1998
U.S.: PFLAG votes to include transgendered people in their mission statement. * Melissa Etheridge and Julie Cypher appear on ABC's Good Morning America. * Openly gay candidate Col. Margarethe Cammermeyer (ret) wins the Democratic primary in Washington's 2nd Congressional. * Vice President Al Gore speaks at the Human Rights Campaign dinner in Washington, D.C. He says: 'Equal opportunity for all, special privileges for none.' * The FDA approves the anti-AIDS drug Sustiva. * Under the threat of violence, gay playwright Terrence McNally's newest work Corpus Christi opens at New York's Manhattan Theatre Club. * Cher talks to Oprah about Chastity: 'I wanted her to grow, get married, have a child, get divorced and live happily ever after.' * Canada: Michael Hendricks, 57, and his lover of 25 years, Rene Leboeuf, 43, file suit demanding the right to marry. * Europe: The European Parliament passes a resolution denouncing Austria, Bulgaria, Cyprus, Estonia, Hungary, Lithuania and Romania for unfair treatment of gays.
1993
U.S.: Empathy, the latest novel by Sarah Schulman, is on sale in bookstores. * The District of Columbia's sodomy law is overturned. * Closeted gay actor, Raymond Burr, who played Perry Mason for nine seasons between 1957 and 1966, then returned to TV screens as wheelchair-bound Ironside, dies of liver cancer at age 76. * More Than A Woman, an aptly titled intimate biography of Bette Davis, written by James Spada, is in bookstores. * The U.S. Justice Department rules that Bruce Gressin, and his lover, Dr.

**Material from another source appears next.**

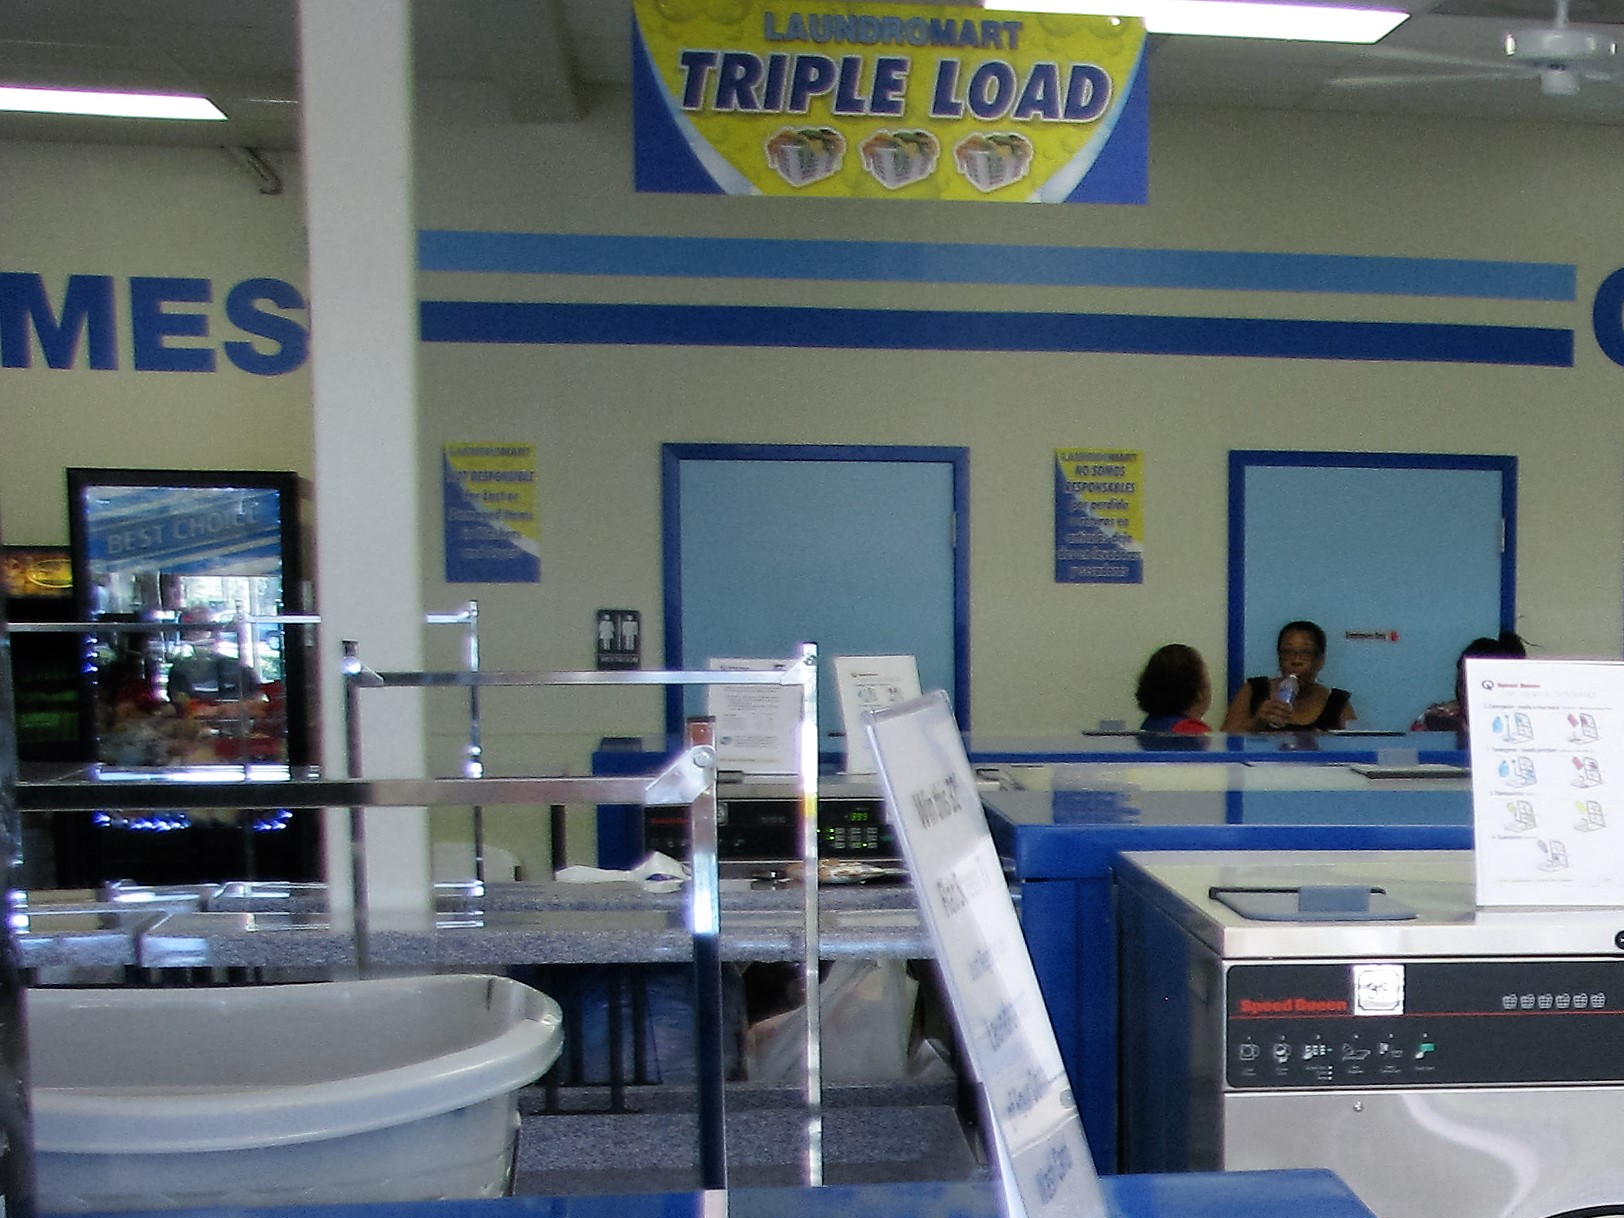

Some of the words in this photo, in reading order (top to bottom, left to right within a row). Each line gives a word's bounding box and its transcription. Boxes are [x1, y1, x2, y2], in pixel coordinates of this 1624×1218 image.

Alan Kurtsman, can adopt a child from a Russian agency, and orders that a visa for the child be issued. * The Rev.Theodore Jemison of Baton Rouge, La., head of the nation's largest Black denomination, tells the National Baptist Convention in New York City that: 'Men should be men. There are people in high places doing wrong. We have all these things: men who don't want to work and men who wear ladies' clothes.' This brought roars of approval from the crowd.
1988
U.S.: During one of her husband's speeches, Sallie Dornan, wife of U.S. Rep. Robert Dornan, tells a heckler to, 'Shut up, fag!' She later apologizes. * More than 1,000 people fill San Francisco's historic Union Square to protest the Republican presidential candidate George Bush. The crowd chant: '40,000 dead of AIDS: Where was George?' * An open question from a reader published in Lesbian Connection reads: 'I would like to hear how others handle being called 'sir.' I find it hard to say, 'I'm not a sir, I'm a dyke.' Is there a little less bold way to handle it without losing self-respect or embarrassing others who are with you?' * Norway: The International Lesbian and Gay Youth Organization announces a new international penal plan.
1983
U.S.: Actor Robert Preston hosts the 3rd annual Alliance for Gay Artists Media Awards ceremony. * A book written in 1978 by Moral Majority leader Jerry Falwell is reprinted. How Can You Clean Up America contains the following passage on gays: 'In my age, we laughed at queers, fairies, or anyone thought to be homo; now they are coming out of the closet and I now believe the growing, spreading cancer of homosexuality is so serious it could destroy mankind.' The book's forward is written by Anita Bryant. * Canada: Disco/New Wave star, Grace Jones, is detained at Toronto International Airport by customs agents, who seize a leather bracelet with one-inch-long spikes, which are classified as a weapon in Canada.